El artista, fue un pintor de Sevilla, el mejor pintor de la ciudad con permiso de Velázquez, y se considera así ya que Murillo desarrolló toda su vida pictórica en la ciudad hispalense a excepción de una corta estancia en Madrid.

La Casa de Murillo es la típica casa palacio sevillana con un patio central y galerías con columnas. El edificio, ha tenido varias restauraciones, especialmente durante el siglo XX. En este año de Murillo se muestra la casa tal como fue morada del artista y muestra reproducciones de parte de sus obras.

Obras

Inmaculada Concepción (reproducción del original).

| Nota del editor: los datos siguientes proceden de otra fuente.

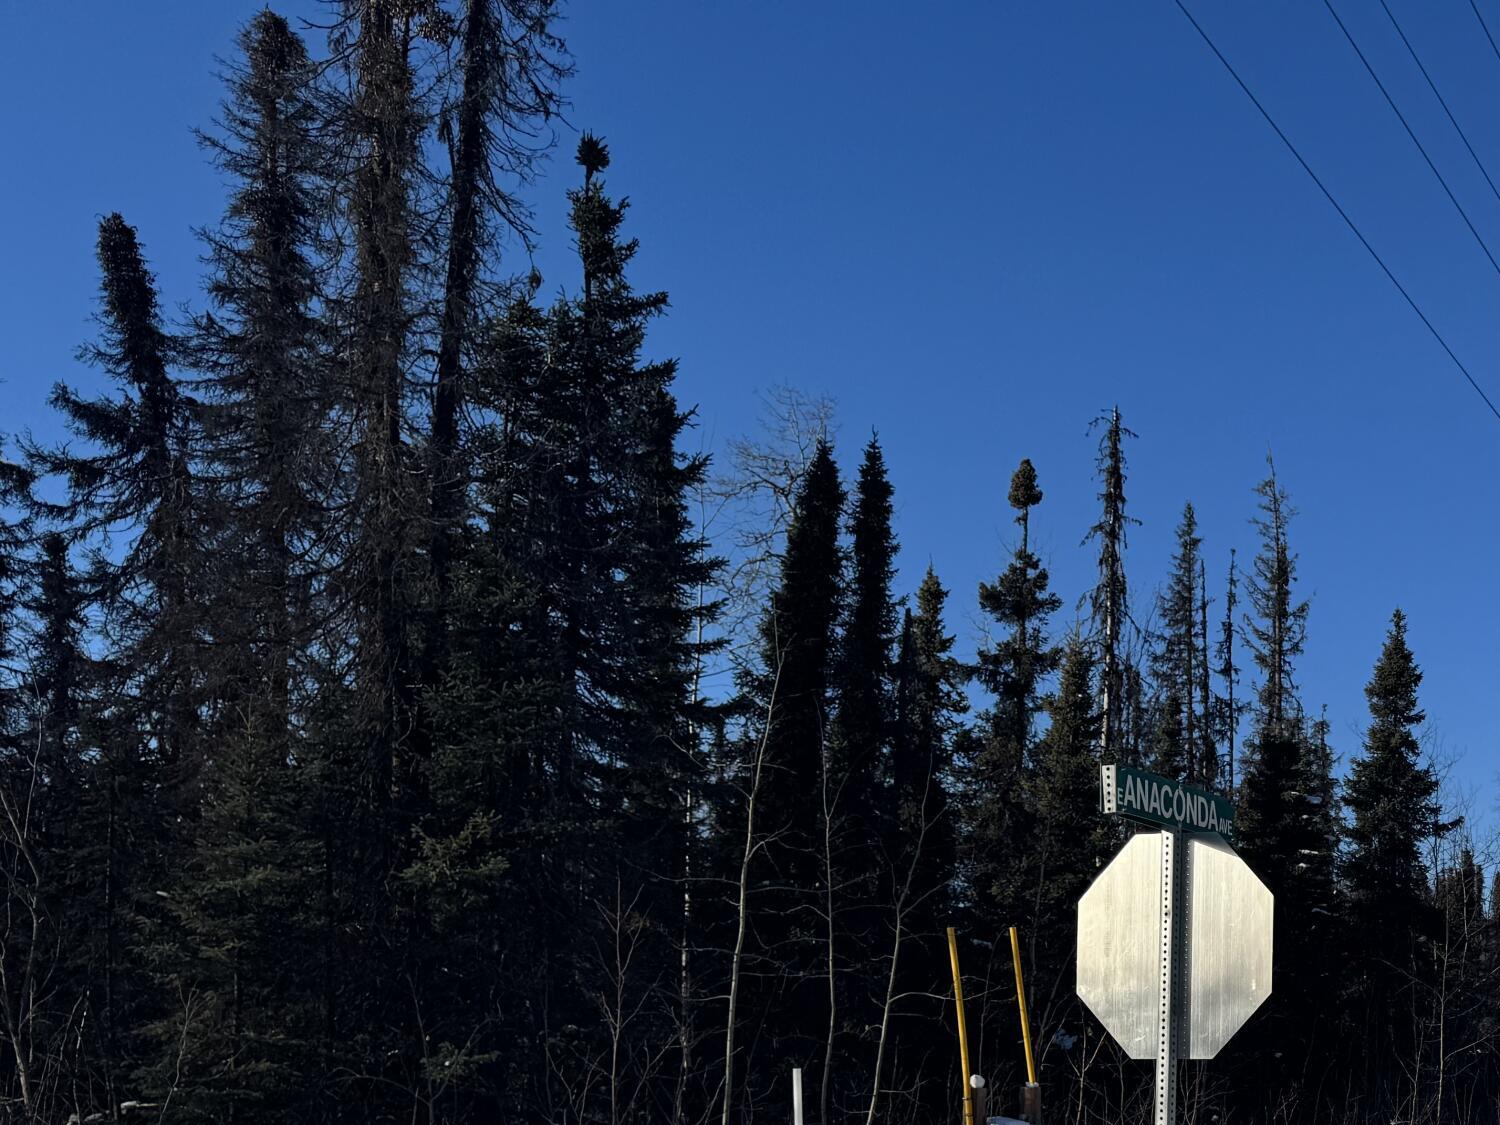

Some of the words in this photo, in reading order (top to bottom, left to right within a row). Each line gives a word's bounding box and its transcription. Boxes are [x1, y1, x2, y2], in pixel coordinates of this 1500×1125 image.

[1117, 787, 1124, 805] E
[1124, 774, 1219, 831] ANACONDA
[1219, 818, 1233, 836] AVE

Esta Inmaculada muestra a diferencia de otras unos rasgos infantiles que destaca del resto de las que Murillo muestra sobre este dogma, un hecho bastante aceptado por la sociedad Sevillana de aquella época. La destreza de Murillo se muestra en la túnica blanca de la Virgen, alternando tonos fuertes con otros más ligeros, fluidos y transparentes. Es posible que debido a su tamaño pudiera tratarse de un boceto para otra obra mayor

La Anunciación (reproducción del original).

Considerada como la más bella de las representaciones de este tema religioso. Aquí se muestra el Barroco más estricto siendo obra de época de mayor esplendor del artista. La postura del arcángel Gabriel muestra un movimiento, que flota sobre el espacio, mientras el Espíritu Santo aparece de repente mostrando también un cierto dinamismo. Sin embargo, la Virgen muestra una actitud tranquila y de recogimiento.

Santa Rosa de Lima (reproducción del original).

Patrona de América y Filipinas , esta pintura de Murillo muestra un momento trascendental de la vida de la santa: mientras trabajaba en labores domésticas, experimentó un encuentro con el Niño Jesús, quien le propuso que se convirtiera en su esposa espiritual.
Murillo pinto numerosas obras sobra esta santa mostrando momentos cotidianos y sucesos místicos.

Santa Rosalía de Palermo, la Virgen y el Niño (reproducción del original).

Representa a la Santa en un momento milagroso en el que tiene una visión de la Virgen con el Niño. Se pueden identificar cuatro santas vírgenes. El suceso sobrenatural se completa con un rompimiento de gloria que inunda la escena de suaves y vaporosas tonalidades áureas.

Virgen del Rosario con el Niño (reproducción del original).
Muestra un ambiente celestial de la virgen y el Niño rodeado de ángeles haciendo un juego entre la parte superior más iluminada y la inferior que se va apagando poco a poco.

Esta pintura con gran carga espiritual, muestra gran elegancia y con un cierto colorido transparente.